The Nix module system isn’t a NixOS feature. It’s a generic mechanism for typed, composable configuration that NixOS happens to be one consumer of. A module is a function returning two attribute sets: options (typed parameters) and config (values to set), with the body receiving the merged configuration as input. The merge is a fixed point. Every module sees the final composition, including its own contribution. From this primitive: mkDefault/mkForce give layered priorities, mkIf lazily conditionalizes contributions, type errors surface at eval time, and modules import other modules to form a tree.
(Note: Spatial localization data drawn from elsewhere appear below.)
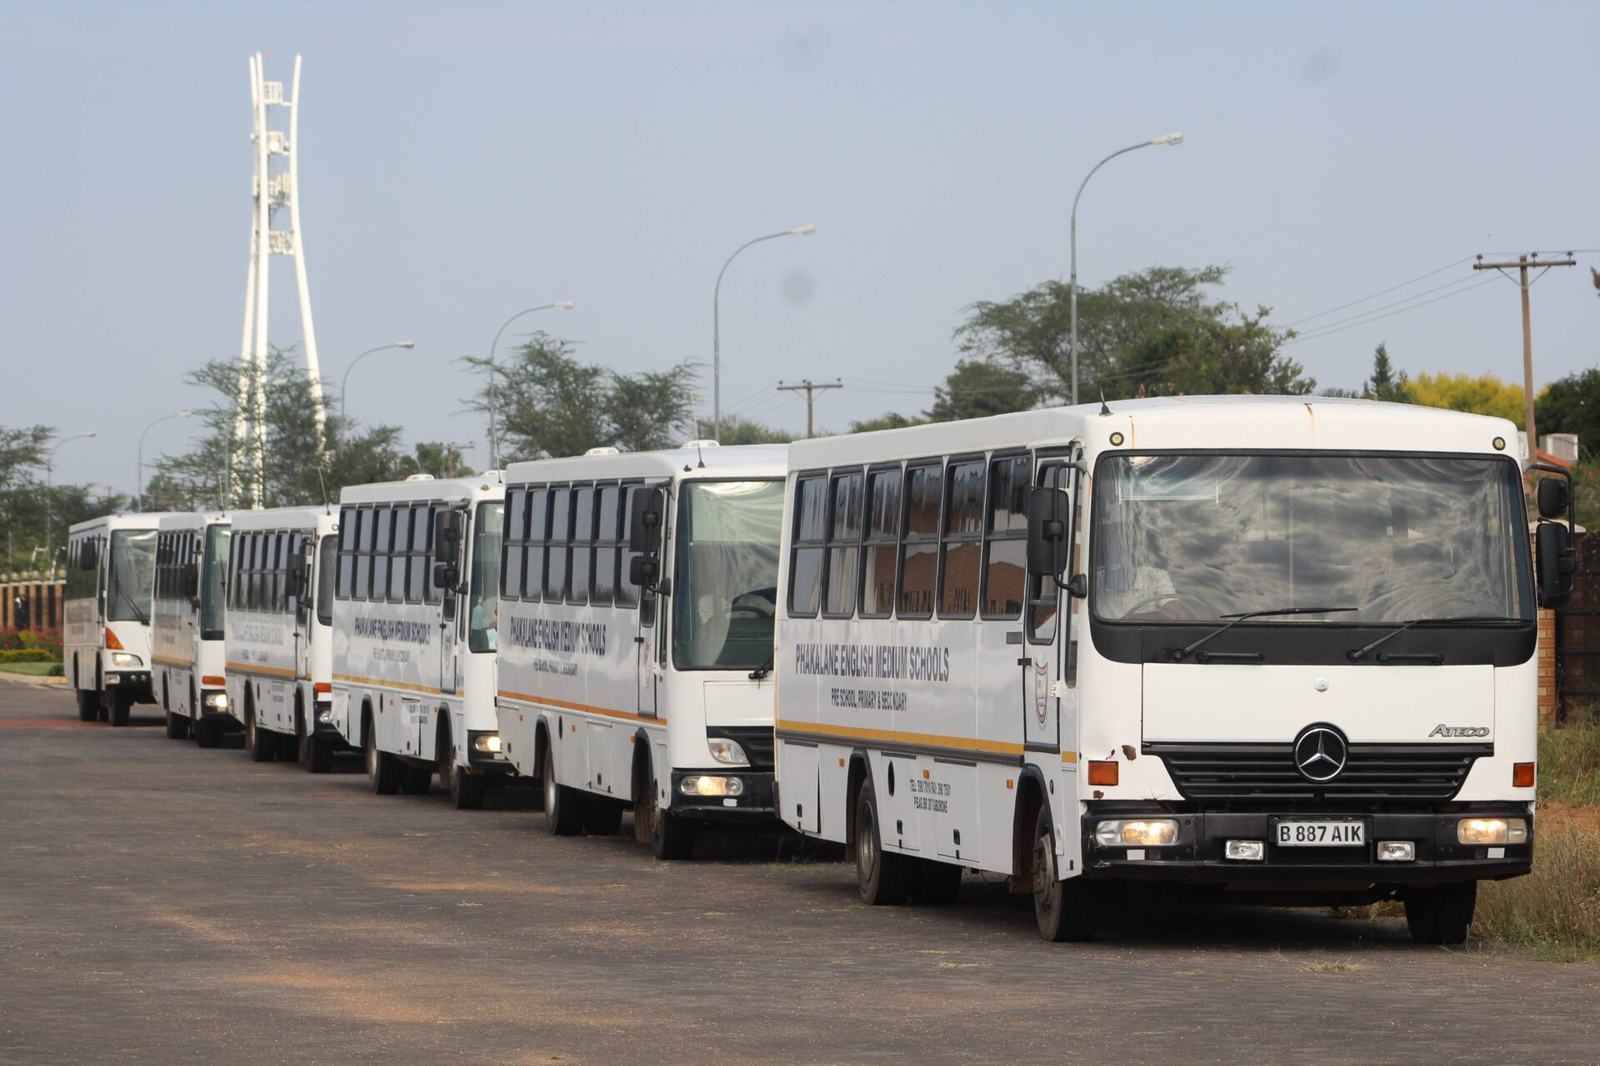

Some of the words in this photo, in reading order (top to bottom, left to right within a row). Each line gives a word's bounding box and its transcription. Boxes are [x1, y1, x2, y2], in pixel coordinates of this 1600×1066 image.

[796, 643, 839, 676] PHAKALANE
[841, 645, 874, 677] ENGLISH
[876, 646, 908, 679] MEDIUM
[909, 647, 949, 682] SCHOOLS
[831, 688, 840, 706] PRE
[858, 690, 877, 709] PRIMARY
[877, 691, 882, 710] &
[1280, 826, 1291, 841] B
[1296, 826, 1327, 841] 887
[1331, 826, 1361, 841] AIK
The consequence is that modules don’t need to know about each other. Module A declares an option, module B sets it, and the merge wires them together. That’s what services.nginx.enable = true; actually does, and it’s what flake-parts applies to flake outputs. A third-party flake can ship a flakeModule (treefmt-nix, git-hooks.nix, easy-hosts, devshell) that adds options to your flake; you import it, set values, and it contributes outputs on your behalf.
Function-based frameworks like flake-utils cannot replicate this. A function takes inputs and returns outputs; it can’t merge with another function call to form a fixed point. That property, not the syntactic boilerplate around forAllSystems, is the structural reason flake-parts won. The pattern’s theoretical ancestry is multi-dimensional separation of concerns (Tarr et al., 1999); its practical surface shows up every time a Nix - Home Manager config grows large enough to need plug-in tooling.